John Adams, our second President, hero of the Revolution, and sometime Episcopalian, denied the Trinity, the divinity of Christ, and had these things to say:



> The divinity of Jesus is made a convenient cover for absurdity. Nowhere in the Gospels do we find a precept for Creeds, Confessions, Oaths, Doctrines, and whole cartloads of other foolish trumpery that we find in Christianity
> 
> "Have you considered that system of holy lies and pious frauds that has raged and triumphed for 1,500 years?"
> 
> "This would be the best of all possible worlds, if there were no religion in it."


 
You can look for yourself, almost all the Founders, Ben Franklin to Aaron Burr to George Washington (who was well known for attending the Episcopal church with his wife in New York, but pointedly getting up from his seat and leaving at the consecration of the Eucharist) go on in a like vein about organized religion, Christianity, and the nature of God. The Founding Fathers, and our country, were products of the European Enlightenment, and free thought-not Christianity, or any other religion.


----------



## Nolerama (Jan 21, 2009)

Maybe the Founding Fathers thought of Christianity as another tool to control the populace; kind of like organized sports and Velveeta.

I kid... But I might be kidding correctly if this conspiracy theory is true...

Actually IMO, America is a "Christian" nation; especially in the eyes of the world.


----------



## Archangel M (Jan 21, 2009)

I would say our nation has "Christian roots", from the Puritan pilgrims onward. And a gallup poll from 2004 stated that 8 in 10 Americans identify with some from of Christianity. 

Is Iran an "Islamic Nation"? If the majority of the population is Islamic I would say so.

I think a better question would be "Is America run by a Christian government?"


----------



## Ramirez (Jan 21, 2009)

interesting post Aaron, although I would argue that Western society mores is based on the Catholic Church (well really Roman mores) hence the US is part and parcel of that,  and therefore the US is mix of the Jewish mores mixed with Roman mores.  

I am not up on US history, but would US founders be influenced by the growing secularism in France around the Revolution?


----------



## elder999 (Jan 21, 2009)

Nolerama said:


> Maybe the Founding Fathers thought of Christianity as another tool to control the populace; kind of like organized sports and Velveeta.
> 
> I kid... But I might be kidding correctly if this conspiracy theory is true...
> 
> Actually IMO, America is a "Christian" nation; especially in the eyes of the world.


 

Interestingly, most of the founders also saw the _value_ of organized religion-as part of a social fabric, as supporting learning, and yes, as a means of....._communicating_ morals to a populace that might not be as educated as they were.


----------



## Nolerama (Jan 21, 2009)

elder999 said:


> Interestingly, most of the founders also saw the _value_ of organized religion-as part of a social fabric, as supporting learning, and yes, as a means of....._communicating_ morals to a populace that might not be as educated as they were.



You're most likely right.

I'm operating under the assumption that founding fathers were also influenced by the same aliens that built the pyramids.


----------



## thardey (Jan 21, 2009)

Ethically, America identifies with Christianity, but I don't think the Bible has ever been a foundation for American culture.
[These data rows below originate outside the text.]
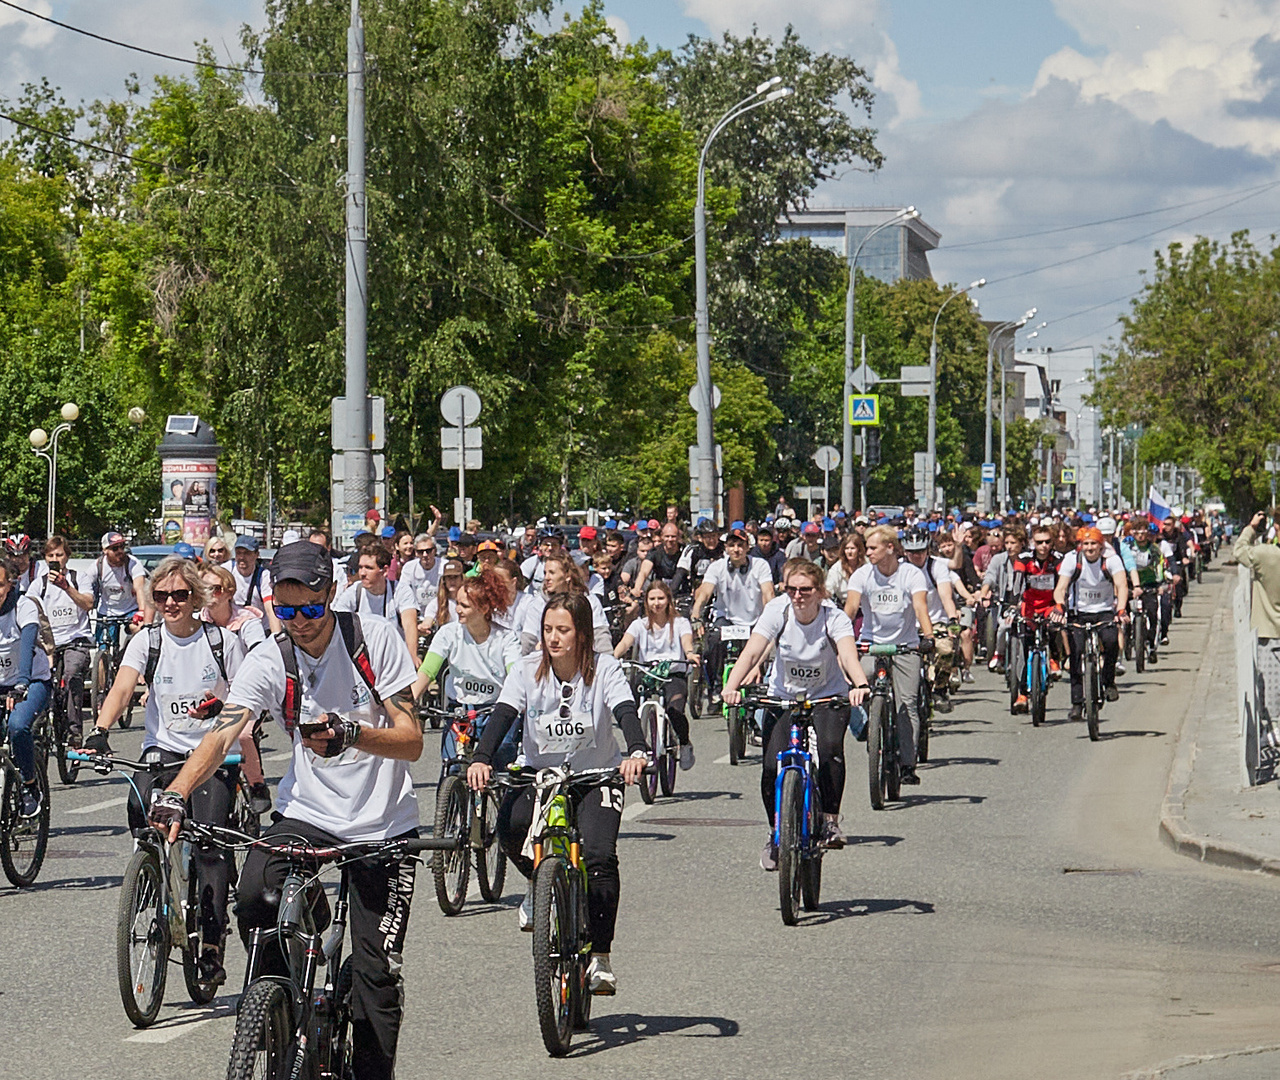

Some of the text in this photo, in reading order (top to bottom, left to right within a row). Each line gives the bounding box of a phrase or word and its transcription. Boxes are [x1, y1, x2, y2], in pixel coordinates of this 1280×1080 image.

[877, 594, 899, 603] 1008
[52, 608, 73, 617] 0052
[790, 667, 821, 678] 0025
[465, 681, 495, 694] 0009
[545, 722, 585, 737] 1006
[600, 786, 623, 812] 13
That is, our culture and ethics are still based primarily on secular thinking. Where that thinking lines up with what the Bible defines as "ethical" is covenient for Christians, but appealing to the Bible as an authority for influencing culture or law has never really been successful.
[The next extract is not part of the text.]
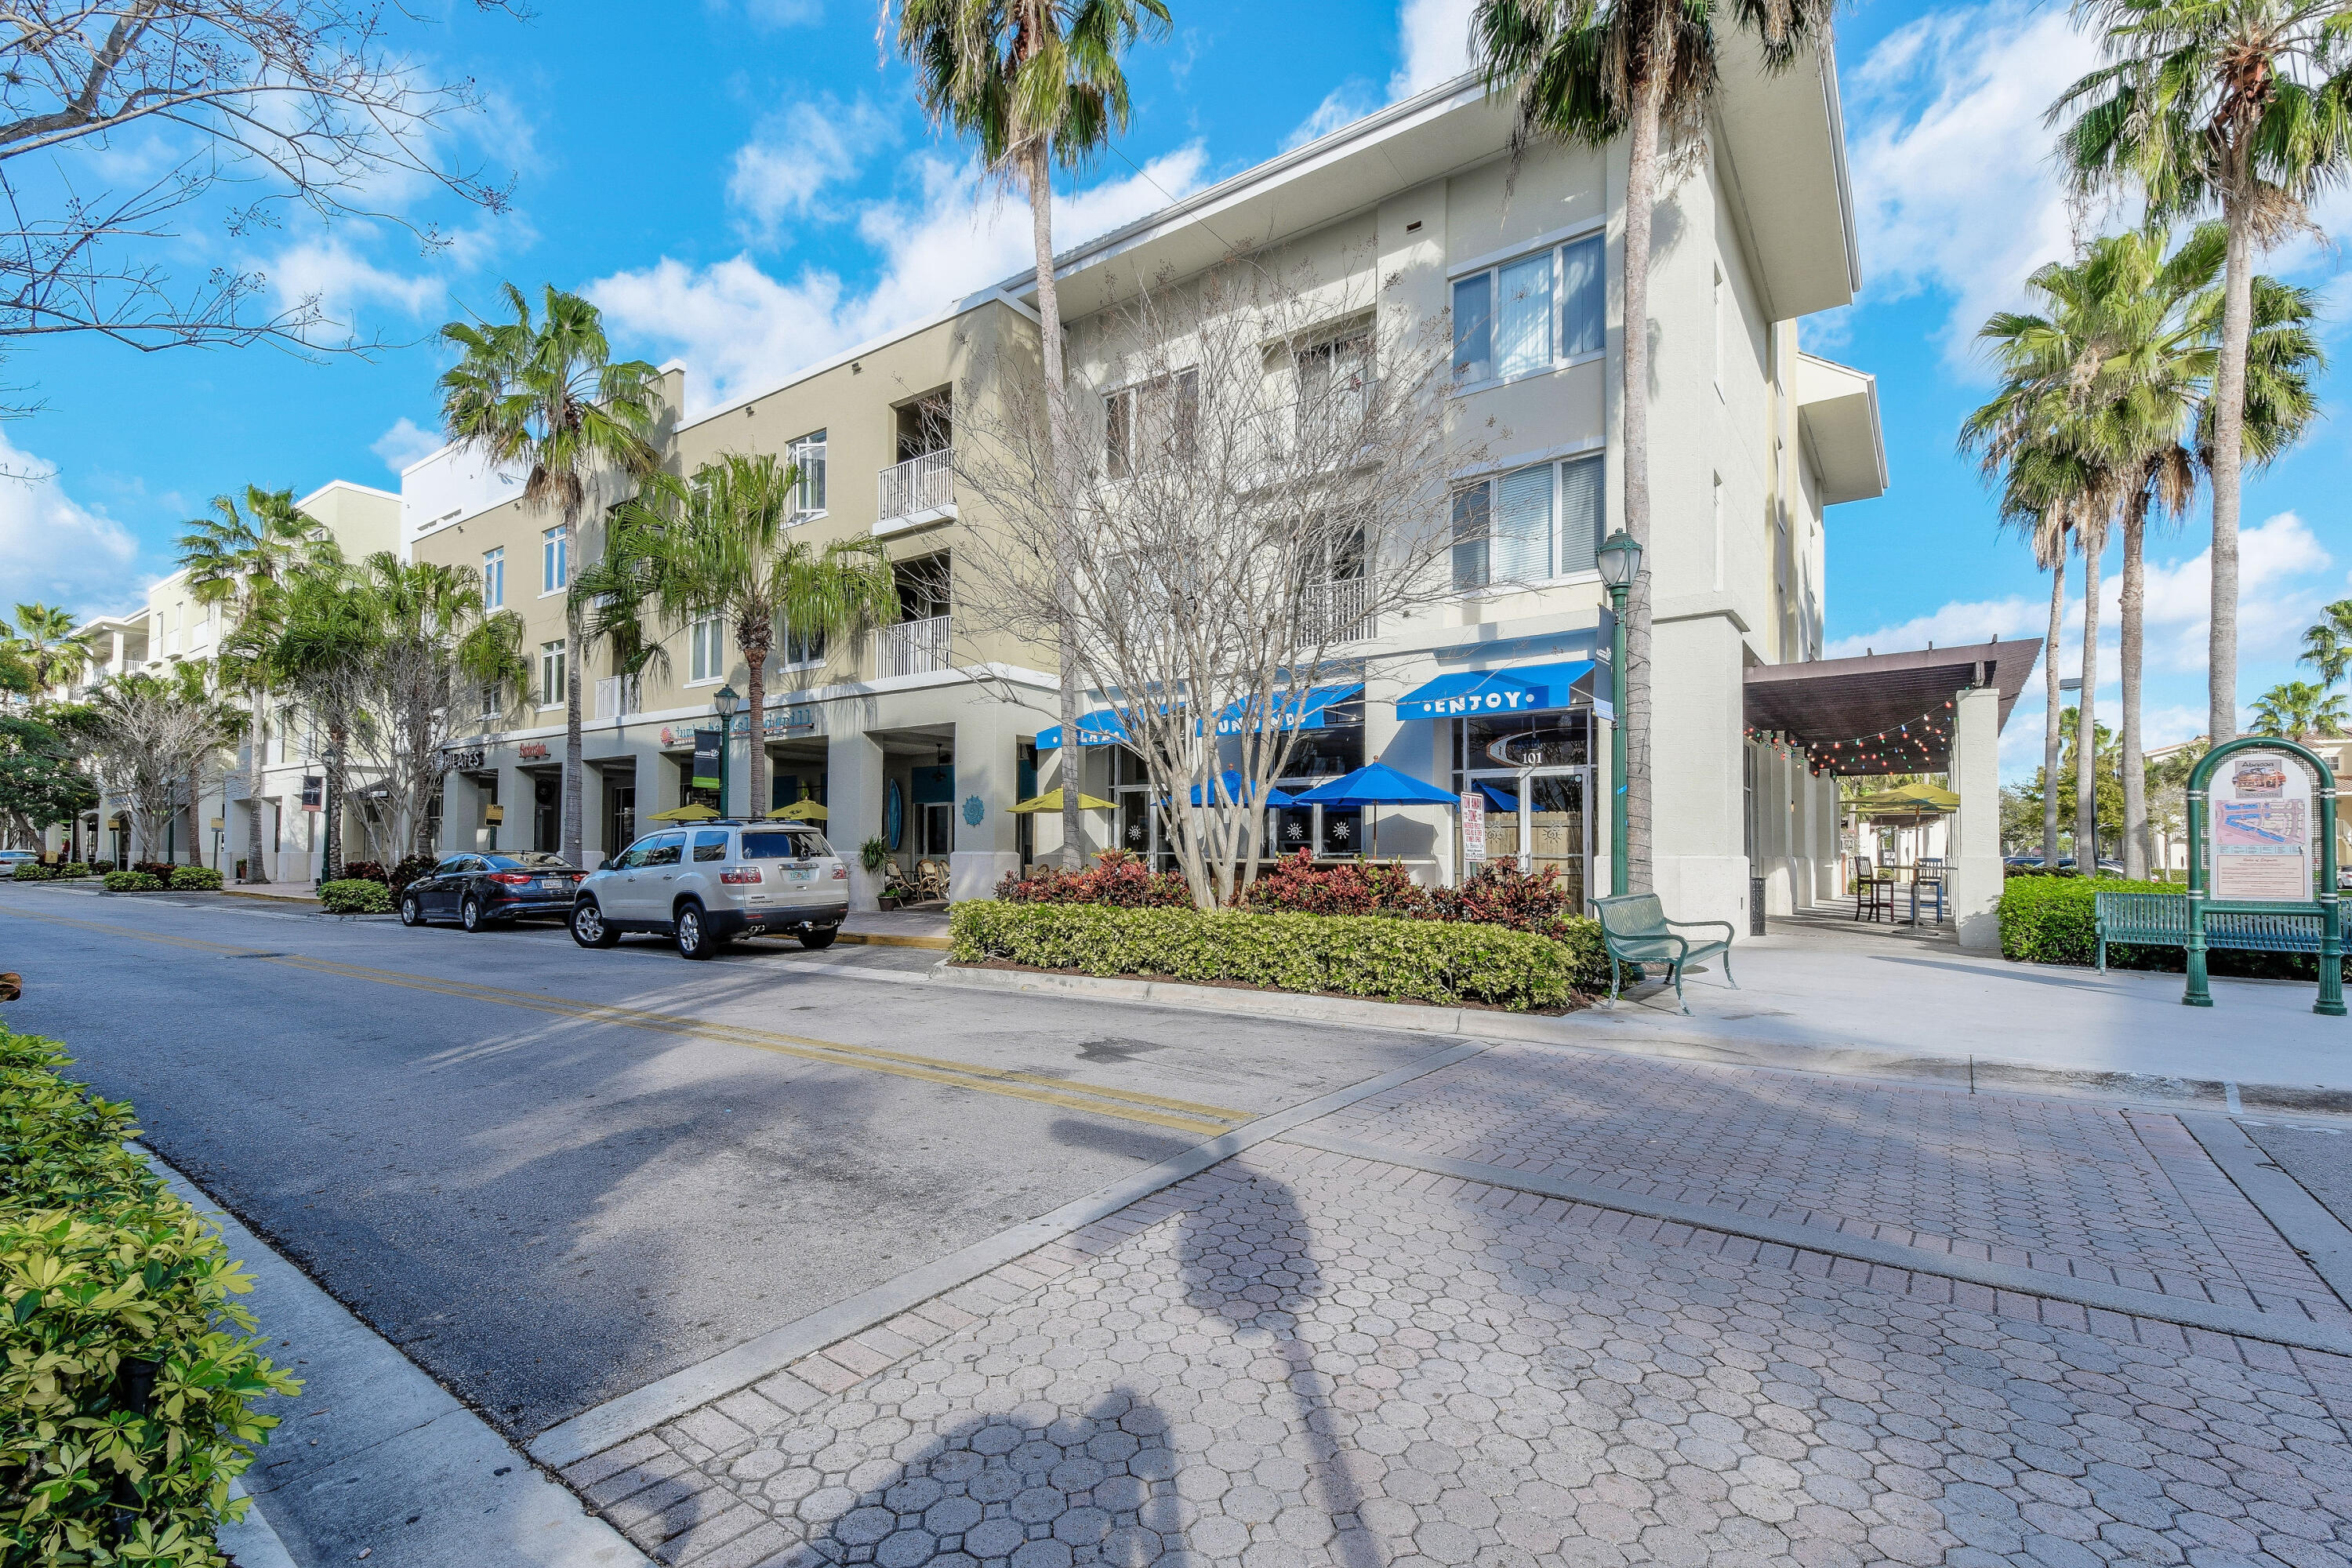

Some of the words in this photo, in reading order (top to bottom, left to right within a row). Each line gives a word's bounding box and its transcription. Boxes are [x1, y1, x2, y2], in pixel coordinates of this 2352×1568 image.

[1436, 691, 1521, 713] ENJOY
[444, 751, 479, 769] PILATES
[1523, 752, 1542, 764] 101
If you can include the Bible alongside secular reasoning, then that is a bonus for a large part of the population, but that's completely different.

But our culture isn't designed around the Bible, and it doesn't give it any real authority for influencing ethics and thought, so I would say that America never really was, and certainly isn't now, a "Christian Nation."
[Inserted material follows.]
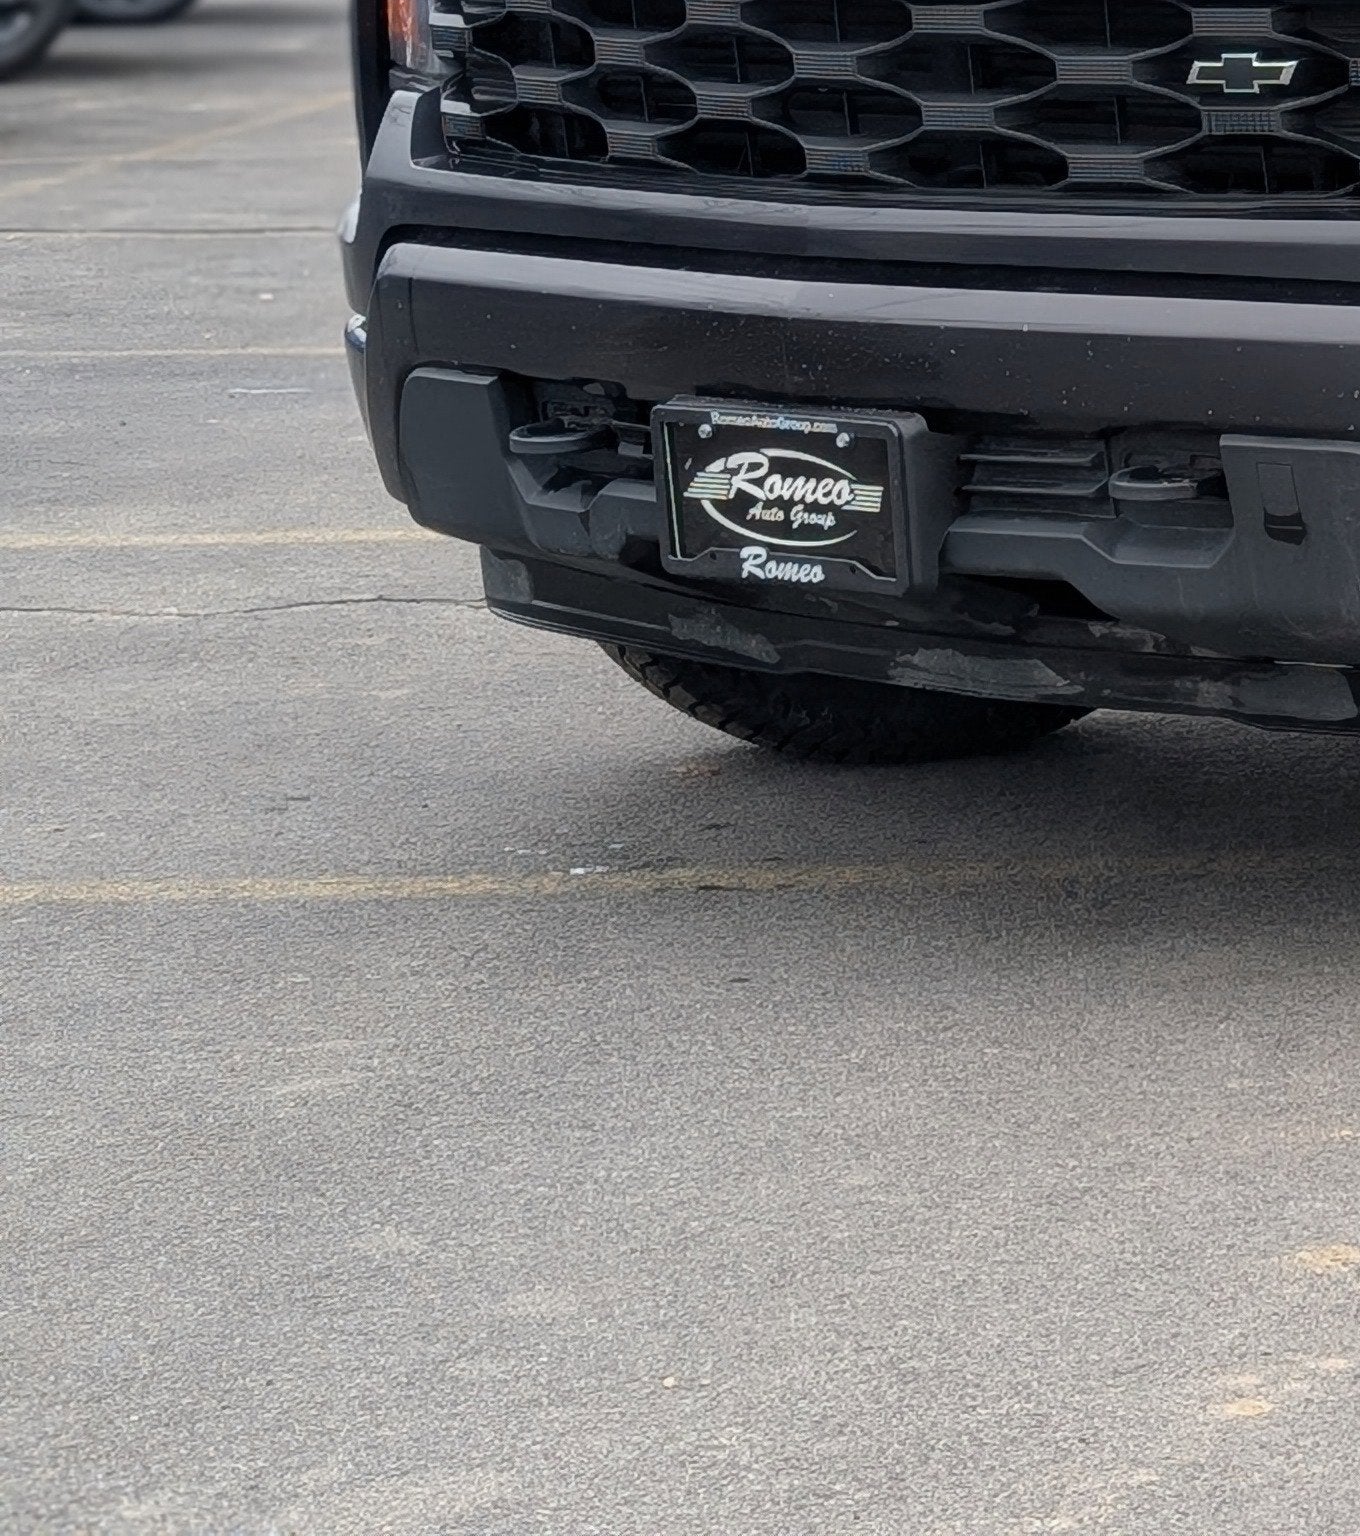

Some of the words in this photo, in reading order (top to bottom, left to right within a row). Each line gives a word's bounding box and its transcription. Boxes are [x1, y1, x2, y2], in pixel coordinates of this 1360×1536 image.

[725, 451, 854, 506] Romeo
[745, 501, 784, 522] Auto
[789, 503, 836, 530] Group
[739, 545, 825, 584] Romeo
It's a secular nation that has a lot of Christians in it.


----------



## Archangel M (Jan 21, 2009)

thardey said:


> But our culture isn't designed around the Bible, and it doesn't give it any real authority for influencing ethics and thought, so I would say that America never really was, and certainly isn't now, a "Christian Nation."
> 
> It's a secular nation that has a lot of Christians in it.



True. But how far do you think a "nation with a lot of Christians" will allow the government to sway away from Christian beliefs?


----------



## thardey (Jan 21, 2009)

Archangel M said:


> True. But how far do you think a "nation with a lot of Christians" will allow the government to sway away from Christian beliefs?


 
It depends on how many Christian believe that they live in a "Christian Nation!"


----------



## Archangel M (Jan 21, 2009)

I dont think its that easy. If a political candidate is on a platform that a popular religion supports he will get elected. If a candidate sways too far from the popular religions beliefs he will be out. The government was designed to keep the gvt out of religion or passing any laws regarding it but its undeniable that religion can influence it.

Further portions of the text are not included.